The society of Anglo-French Clays was started in the early days of 2024 as a spin off from The Clay society of England, it was started as a result of finding Walterus de Clais, a Frank, in the Cambridge section of the Domesday book.
There have been suggestions from academics that he came from the village of Clais in Normandy.
Edmund del Clay of Finningley, Lawyer to Edward III mistress, Alice Perrers. He served as Chief Justice of the pleas in Ireland under Richard II.

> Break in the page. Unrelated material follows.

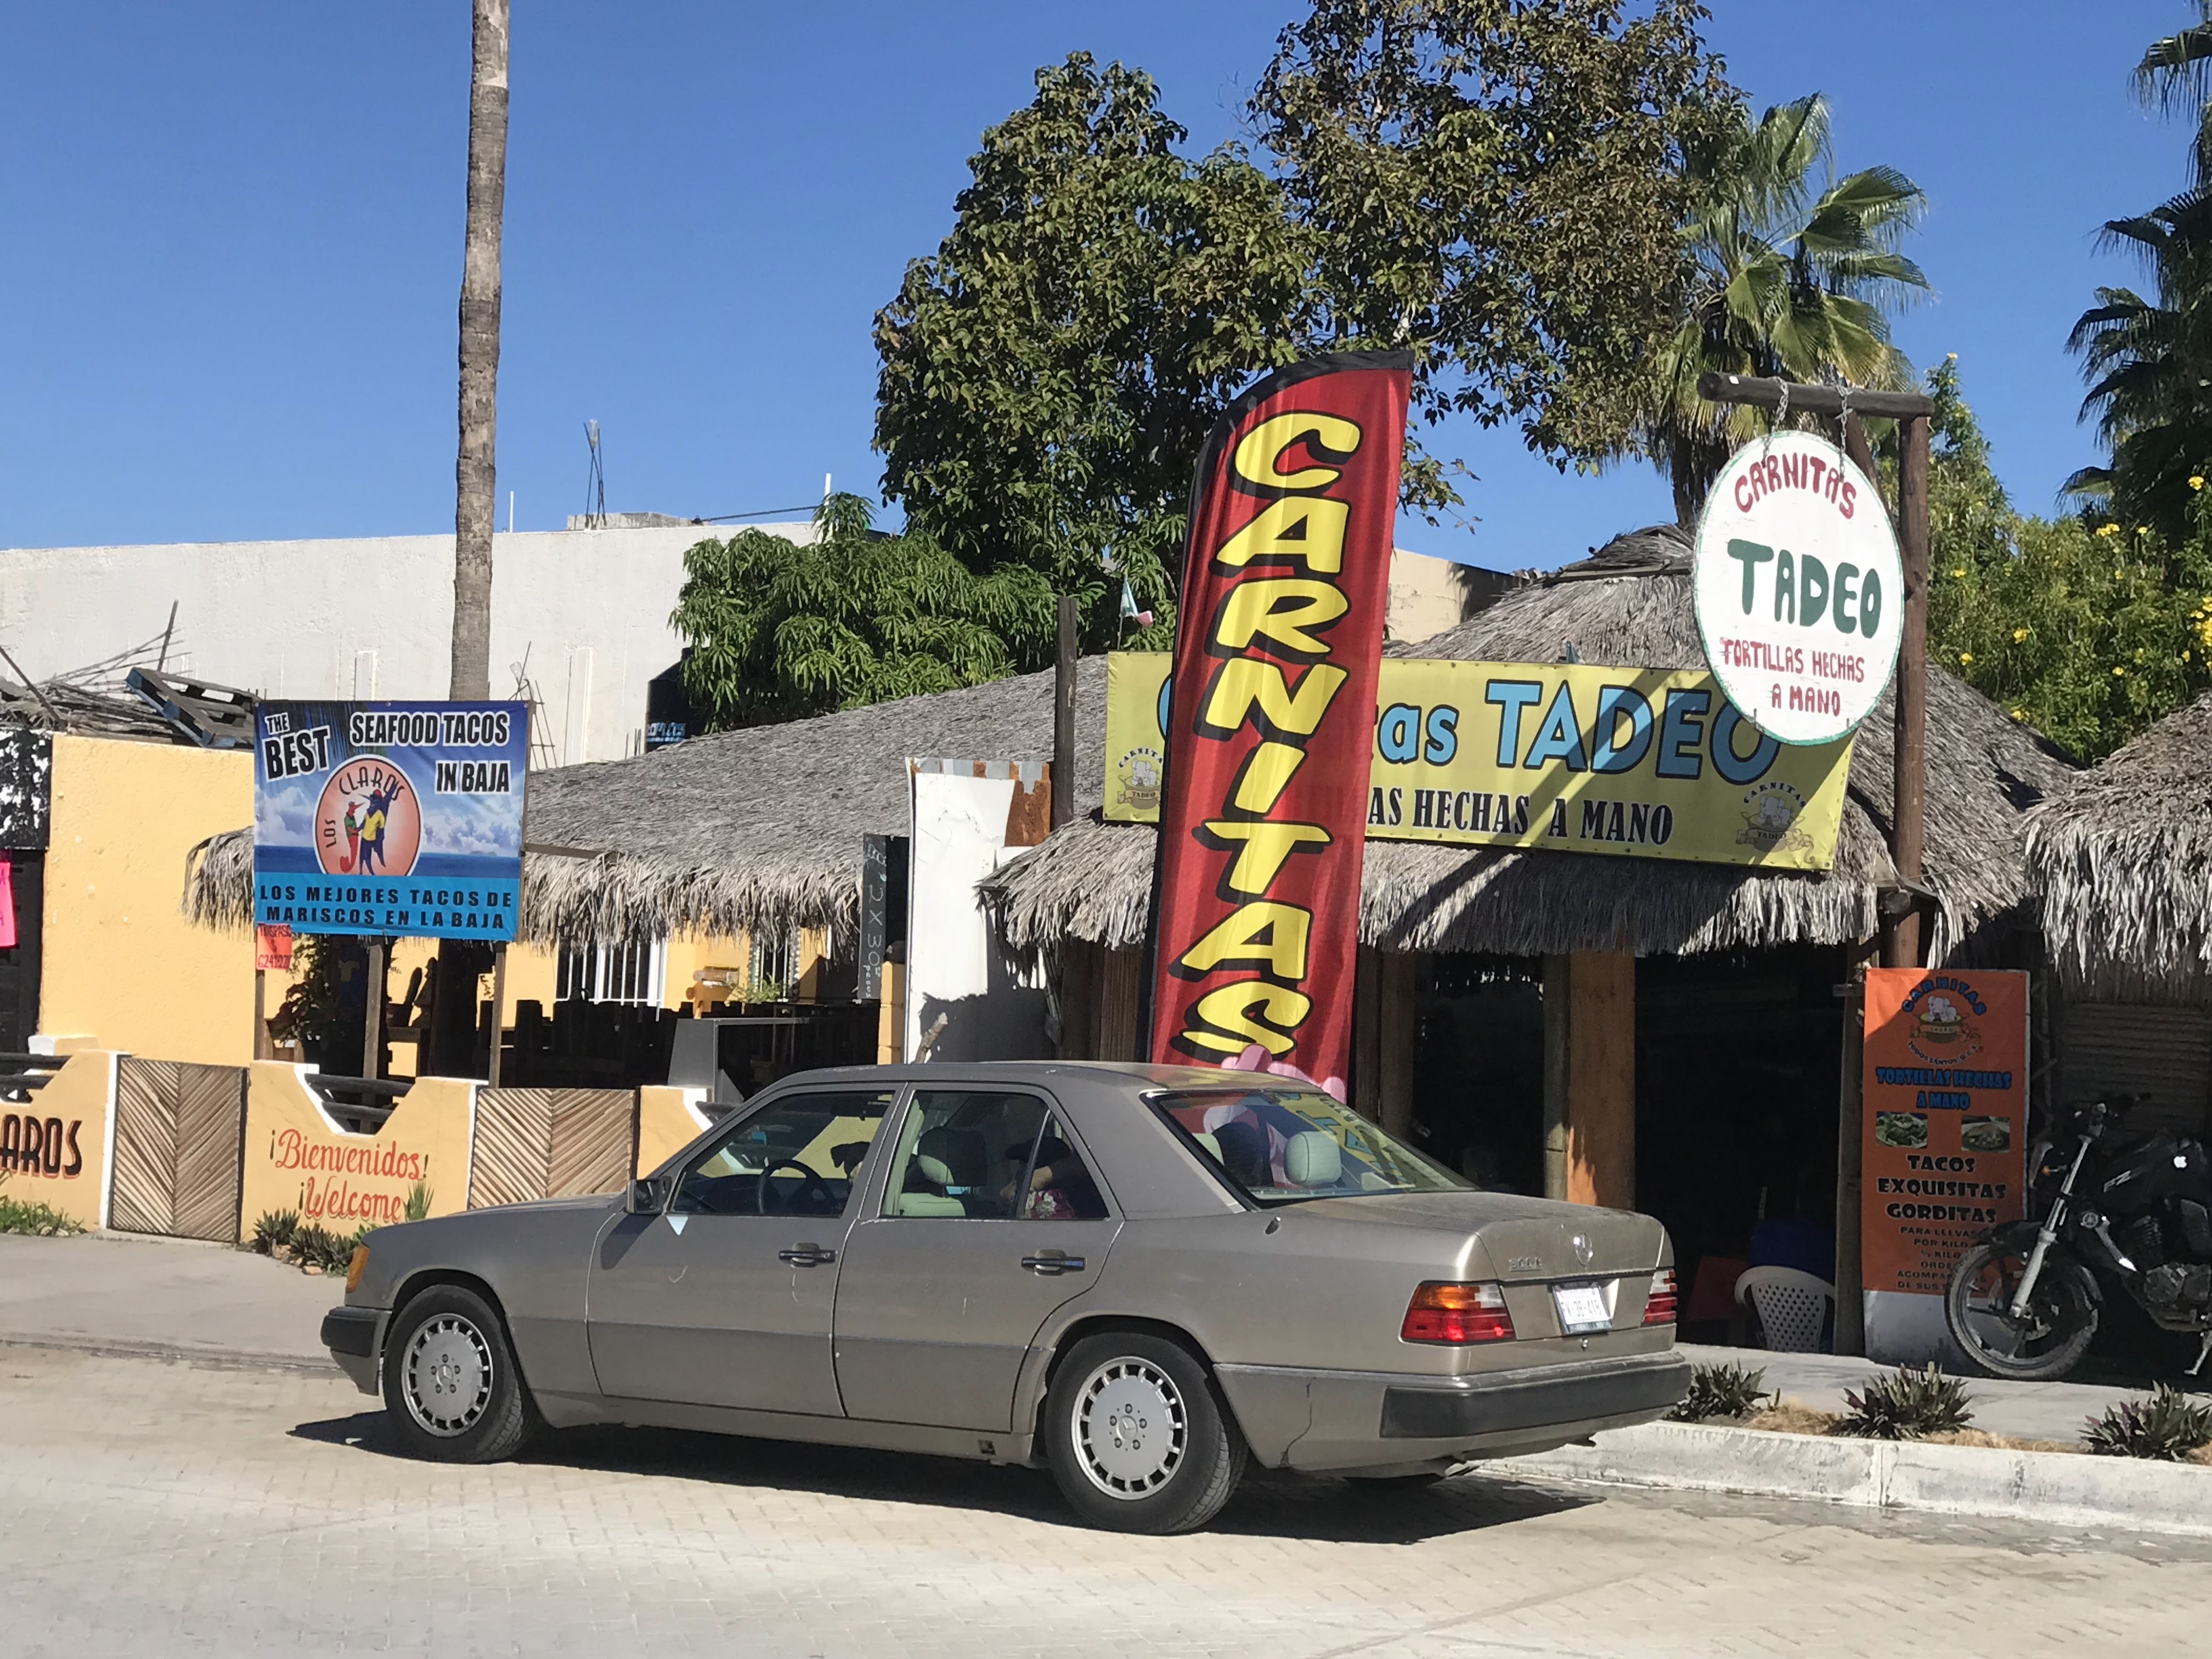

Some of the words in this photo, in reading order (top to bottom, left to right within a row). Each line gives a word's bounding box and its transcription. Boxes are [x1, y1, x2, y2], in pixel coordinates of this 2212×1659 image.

The surname of Clay is documented in the County of Derbyshire from the time when surnames were first given to ordinary people back in the 1200s. The name is most likely occupational and was probably first given to a man who made his living excavating clay and supplying it to various trades. It is in the north of the county where the Clay's multiplied extensively around the parish of North Wingfield, although there were some early Clay's in the town of Derby. The 13th century “Charters of Darley Abbey”, which was located near Derby, mentions a land transaction between the years 1214 and 1233, when Abbott Henry granted Adam del Clay a messuage of land in Derby for an annual rent of 20 pence, and between 1236 and 1251 Richard del Clay rents 1 acre of land at Normanton in Derby from the same Abbey for 1 farthing. Also in 1266 Peter son of Henry de Clay had a house and land near St Michaels Church in Derby, at an annual rent of 2 shillings and sixpence, rented from the same Abbey.